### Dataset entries
_ _ _ _ _

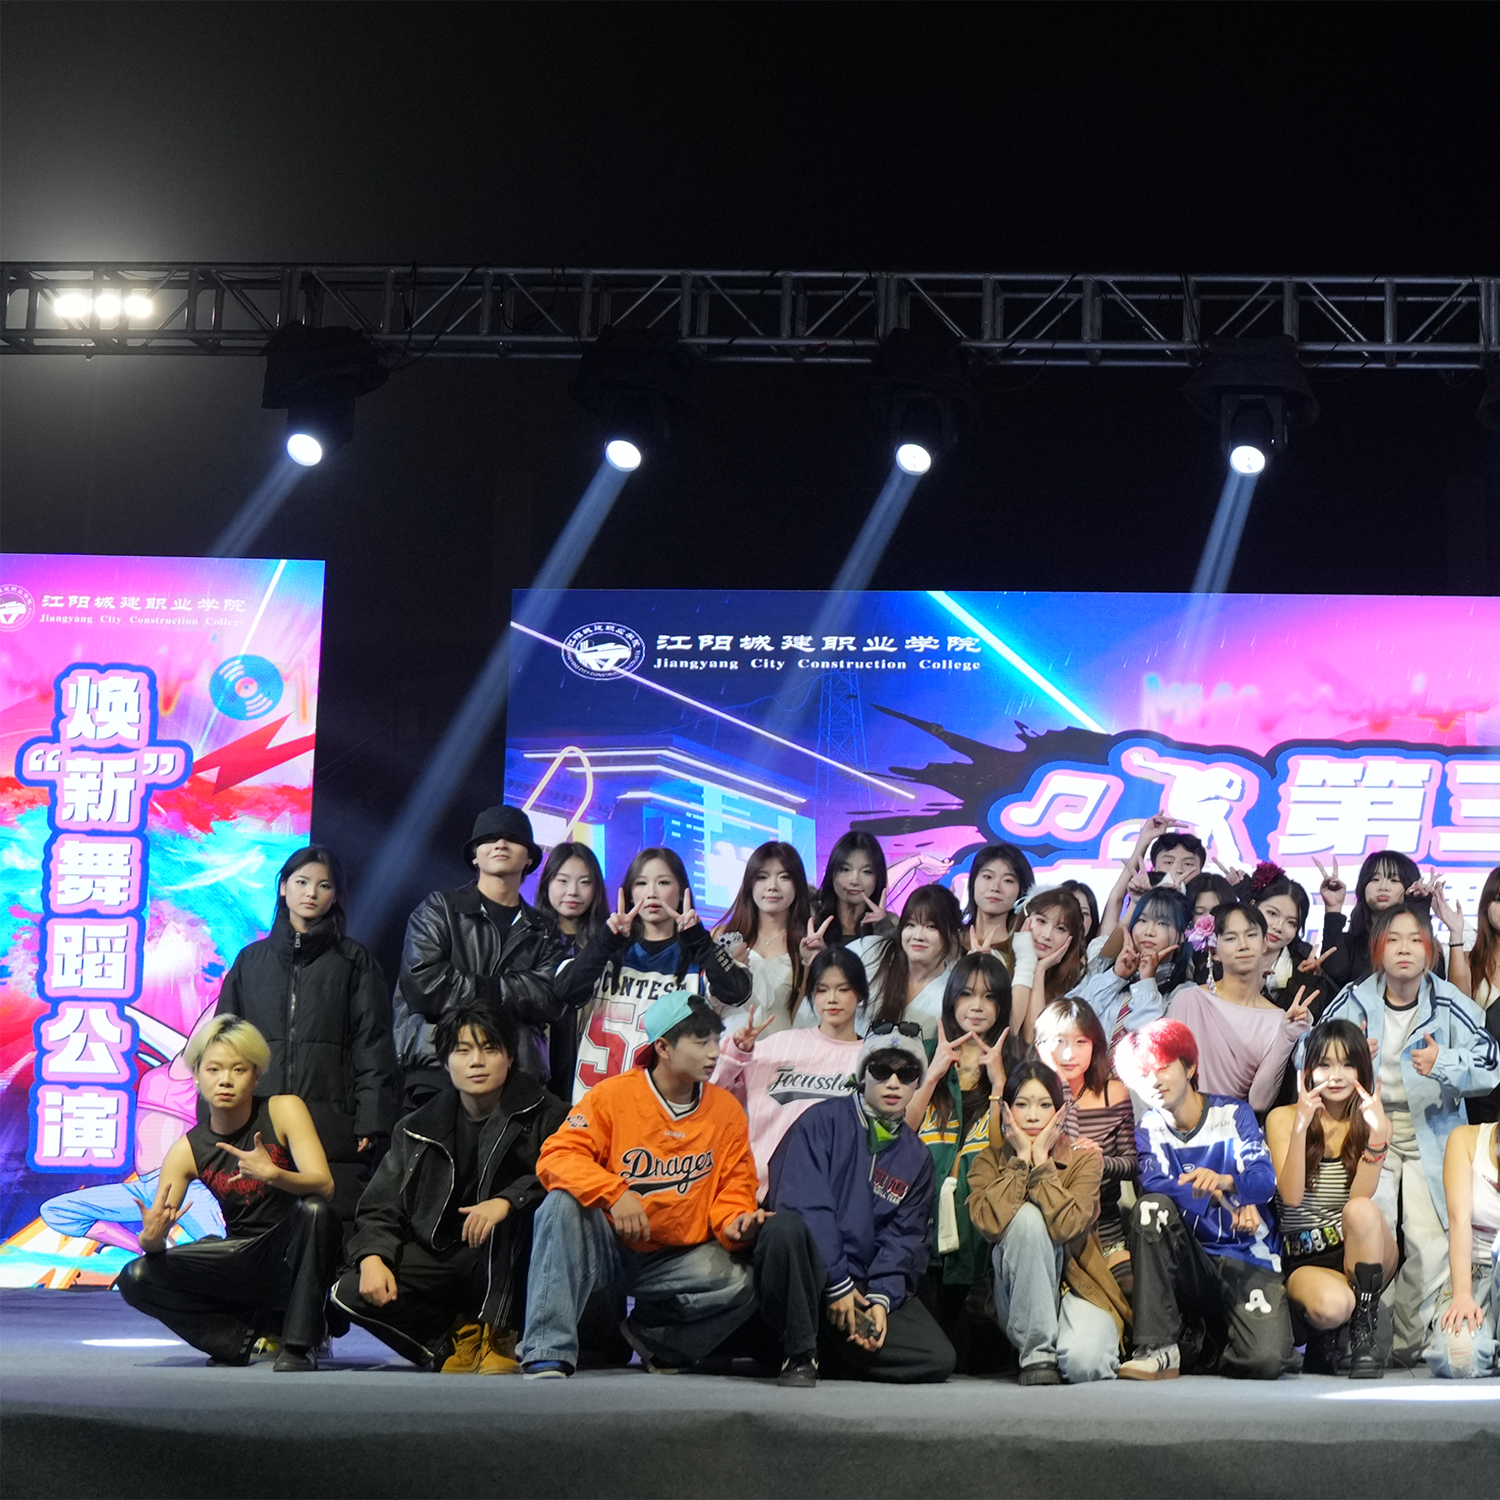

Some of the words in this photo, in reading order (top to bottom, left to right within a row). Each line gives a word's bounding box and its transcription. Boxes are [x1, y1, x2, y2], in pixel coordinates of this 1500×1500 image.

[42, 594, 246, 613] 江阳城建职业学院
[39, 613, 93, 625] Jiangyang
[100, 614, 122, 626] City
[129, 615, 198, 626] Construction
[206, 616, 245, 627] College
[656, 634, 982, 654] 江阳城建职业学院
[653, 656, 739, 673] Jiangyang
[750, 656, 785, 672] City
[797, 657, 907, 671] Construction
[918, 657, 981, 673] College
[601, 970, 687, 1000] CNTES
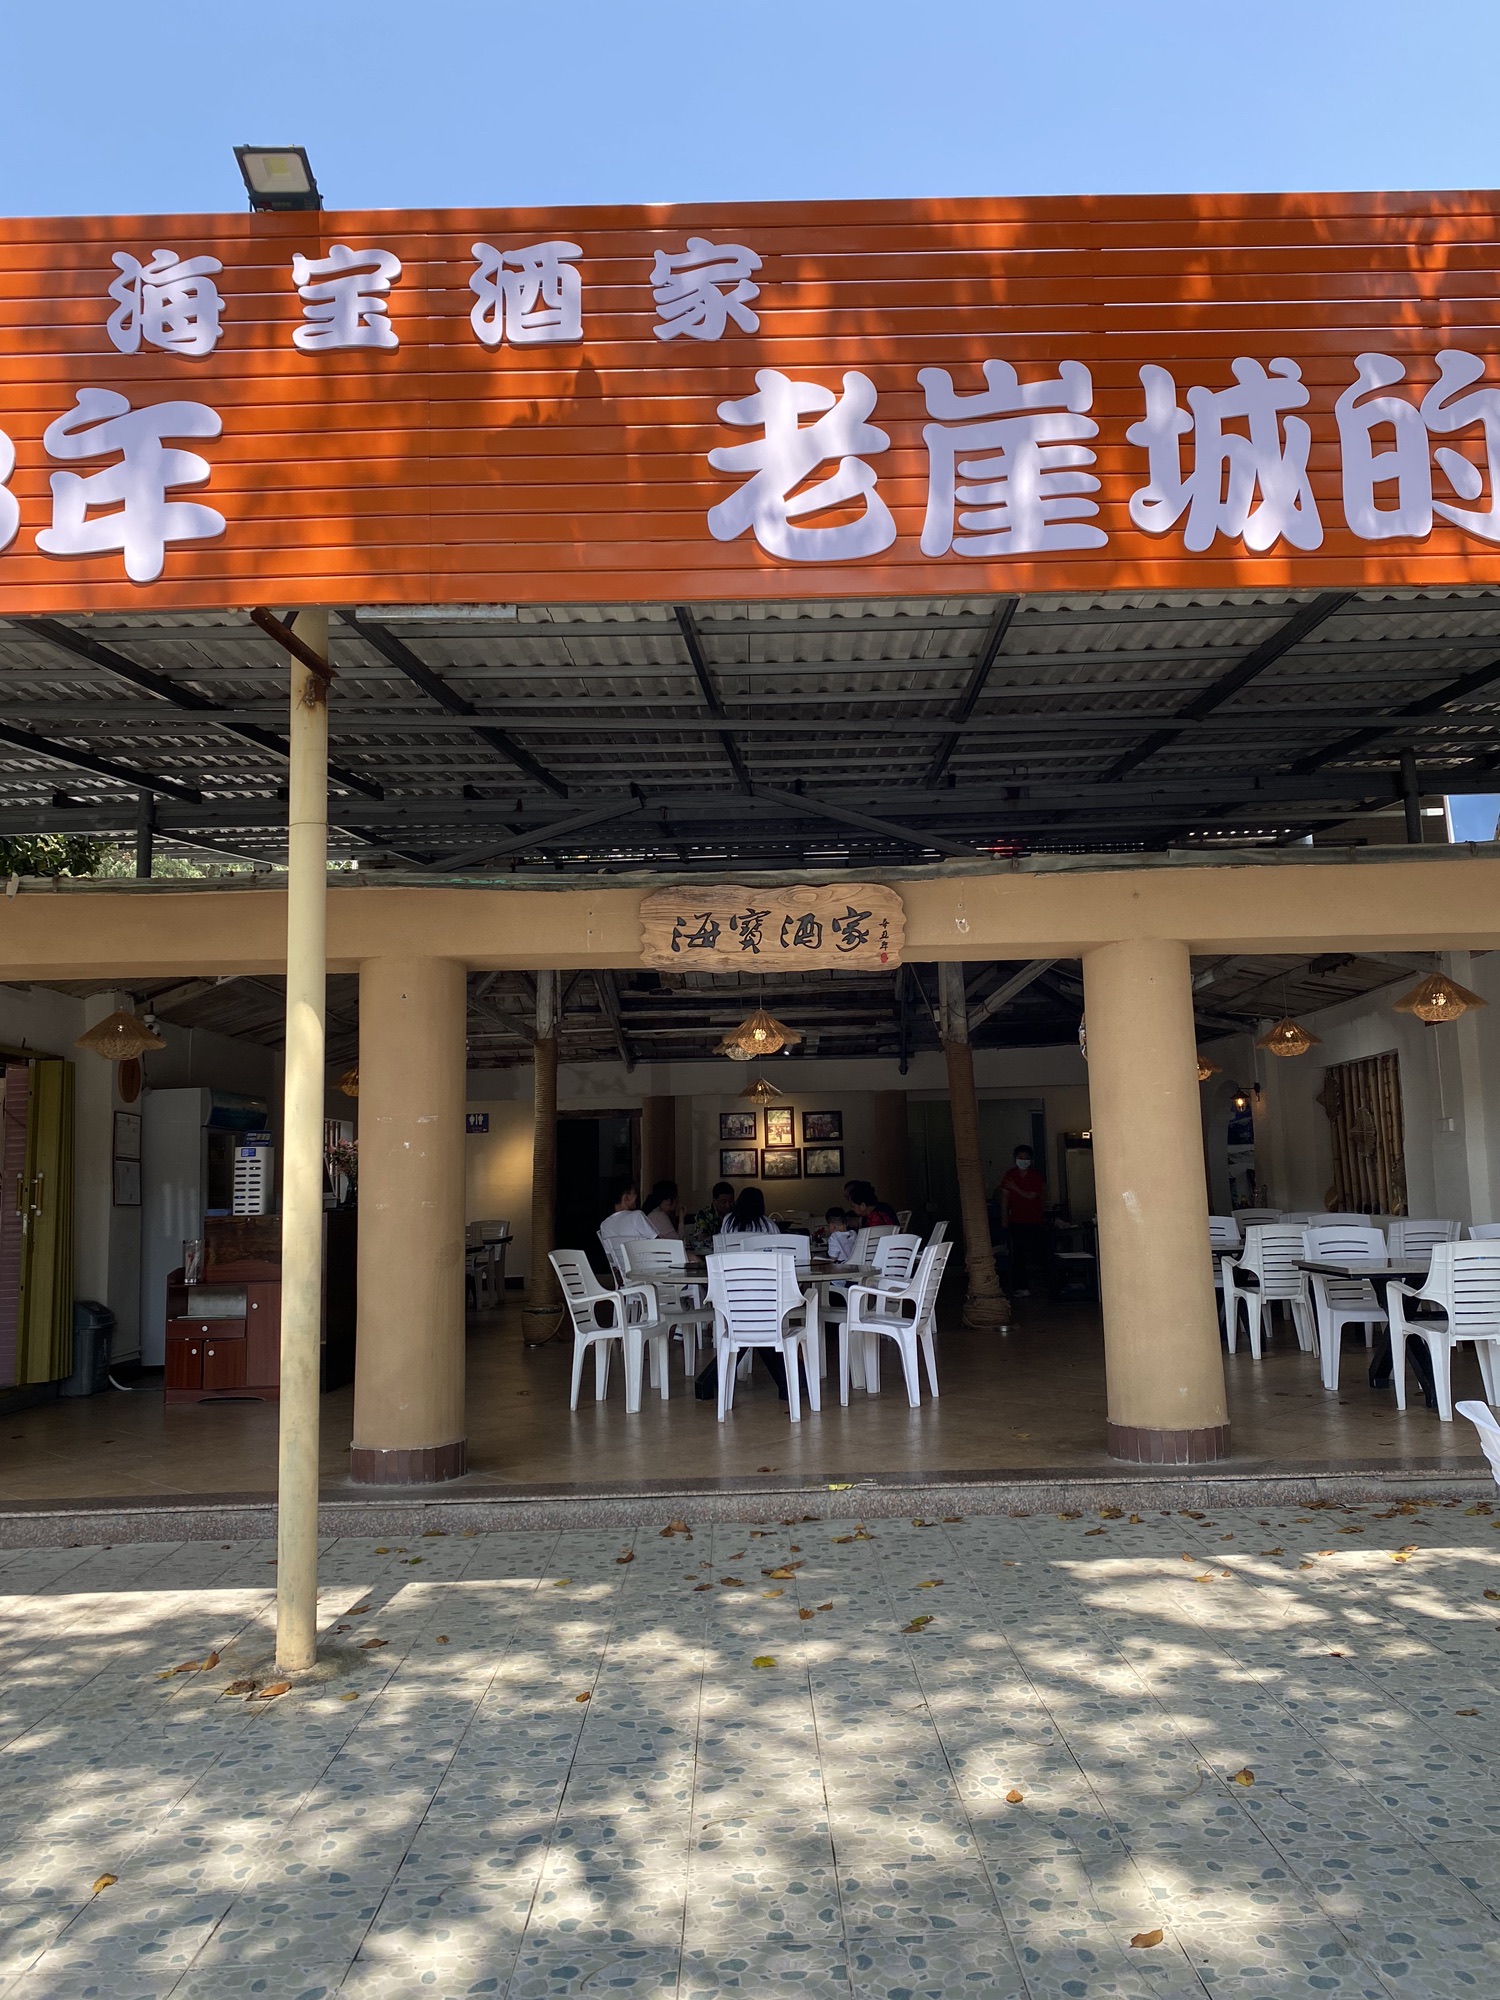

_ _ _ _ _

### How to complete this task
Write out the entries again, exactly as given, skipping any images.

### Worked solution
Some of the words in this photo, in reading order (top to bottom, left to right within a row). Each line gives a word's bounding box and its transcription. Boxes are [x1, y1, x2, y2], in pixel coordinates of this 1500×1500 image.

[42, 594, 246, 613] 江阳城建职业学院
[39, 613, 93, 625] Jiangyang
[100, 614, 122, 626] City
[129, 615, 198, 626] Construction
[206, 616, 245, 627] College
[656, 634, 982, 654] 江阳城建职业学院
[653, 656, 739, 673] Jiangyang
[750, 656, 785, 672] City
[797, 657, 907, 671] Construction
[918, 657, 981, 673] College
[601, 970, 687, 1000] CNTES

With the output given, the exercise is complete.